Zafigo’s Quick Guide to Varanasi for Women Travelling Alone or with Family and Friends
A city that goes by many names, Varanasi is also known as Benaras or Kashi. It’s also the oldest inhabited city in the world. Located on the banks of the holy Ganges River in India, Varanasi is the perfect place to embrace spirituality. This sepia-toned haven is an intoxicating blend of spiritual beliefs, devotional celebrations, enchanting aromas, and reverberating chants.
The devotional scenes on the ghats are therapeutic. You’ll see spectacular temples in the backdrop exude aristocratic opulence while the riverbank is an ironic melange of chaos and calm. Pilgrims take a dip in the sacred river to wash away past sins and attain moksha – liberation from the cycle of rebirth. Apart from devotees, the ghats are mobbed by sages, sadhus, beggars, and vendors. The spiritual capital boasts radiant hypnotism that sets it apart from all other destinations across the globe.
You’ll find that Varanasi is pretty intense, where daily cremations are the norm and rituals of death take place openly. The cultural immersions are not for the faint-hearted. However, the land is captivating once you get through the initial culture shock.
Here are the 10 tips for women travelling to Varanasi:
1. Best time to visit
Varanasi has a humid subtropical climate that fluctuates in the summer and winter months. If you want to explore the cultural side, winter is the best time to visit. From Dev Deepawali to Ram Leela, and finally Holi, the city unravels the age-old traditions that depict sheer magnificence. In addition, the River Ganges is filled with migratory Siberian birds that add vibrancy to everything. November to March constitutes the cooler months and the temperature drops down to 5°C.
Summers are humid and the temperature fluctuates between 32°C and 46°C. May and June are the hottest months, making it difficult for excursions and sightseeing. There are occasional rain showers and a walk along the Ganga Ghats after sunset feels refreshing.
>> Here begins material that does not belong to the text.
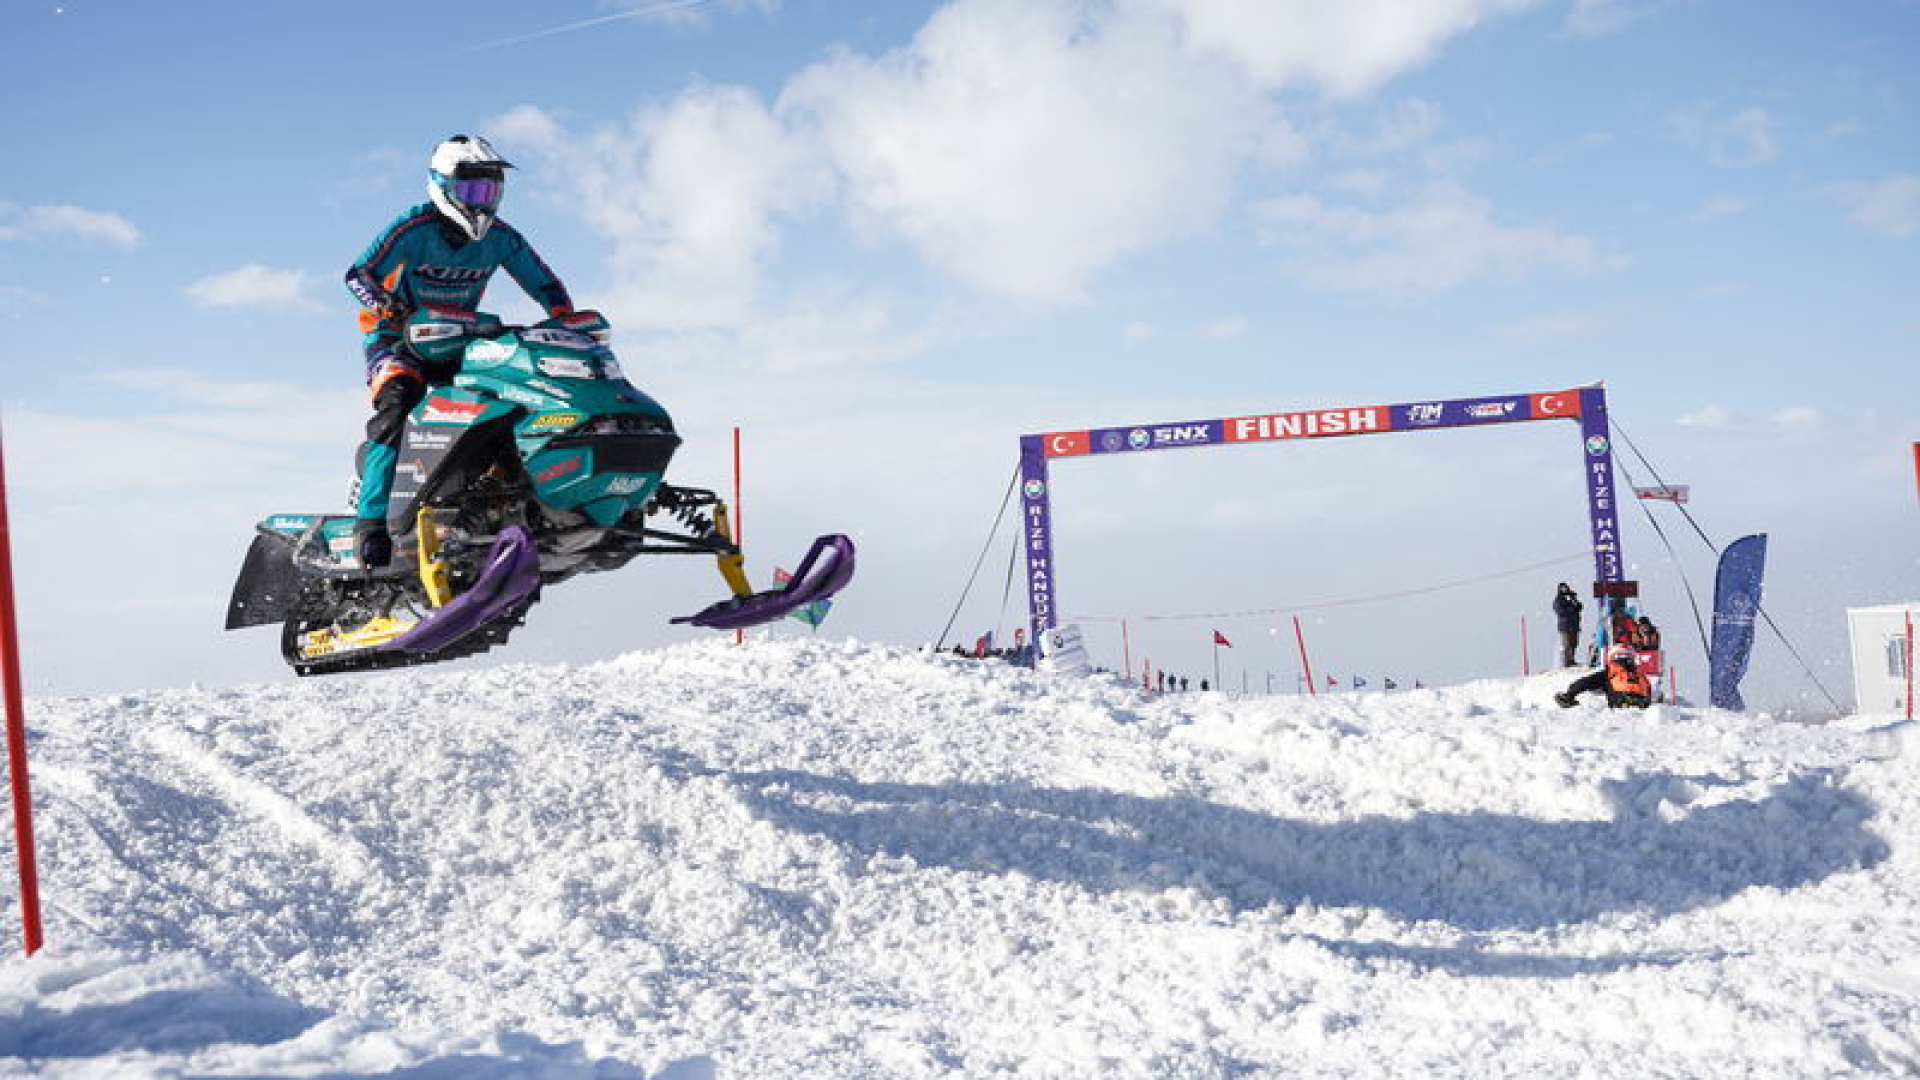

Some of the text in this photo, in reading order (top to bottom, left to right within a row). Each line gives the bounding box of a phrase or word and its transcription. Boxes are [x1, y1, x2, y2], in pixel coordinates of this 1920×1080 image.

The monsoon season in Varanasi lasts from July till September, when the region receives moderate to heavy rainfall marked by frequent showers. Temperatures are pleasant and within the 25°C to 30°C range. Thanks to the rain, Varanasi gets drenched in verdant foliage. It’s the perfect time to bask in the glory of the tumultuous Ganges and admire the sights.
2. Getting around
There are two main options to get around Varanasi – bicycle rickshaws and auto rickshaws. They’re not usually available in the bylanes, but once you’re on the main street, they’re everywhere. Try to negotiate the price before a ride.
Hiring a cab is also convenient for exploring the city. An air-conditioned taxi is the most suitable option for excursions and day trips in the ruthless summer and prices usually start from INR1,000 (approximately USD14.40). If you prefer driving around yourself, there are a number of car rental agencies in Varanasi from where you can hire them.
Please note that the taxis and auto rickshaws are restricted from entering the Old City between 9AM and 9PM. This happens due to high pedestrian traffic. The vehicle will drop you off at Godowlia Chowk, and from there, Dashashwamedh Ghat can be easily accessed on foot (around 600 metres).
3. Soaking up the festive vibes
The spiritual authenticity in Varanasi is unmatched. No wonder it’s called the Spiritual Capital of India. The spirit of Varanasi is expressed through these celebrations and every festival is celebrated with great fervour and it’s hard not to get drawn into such grand carnivals.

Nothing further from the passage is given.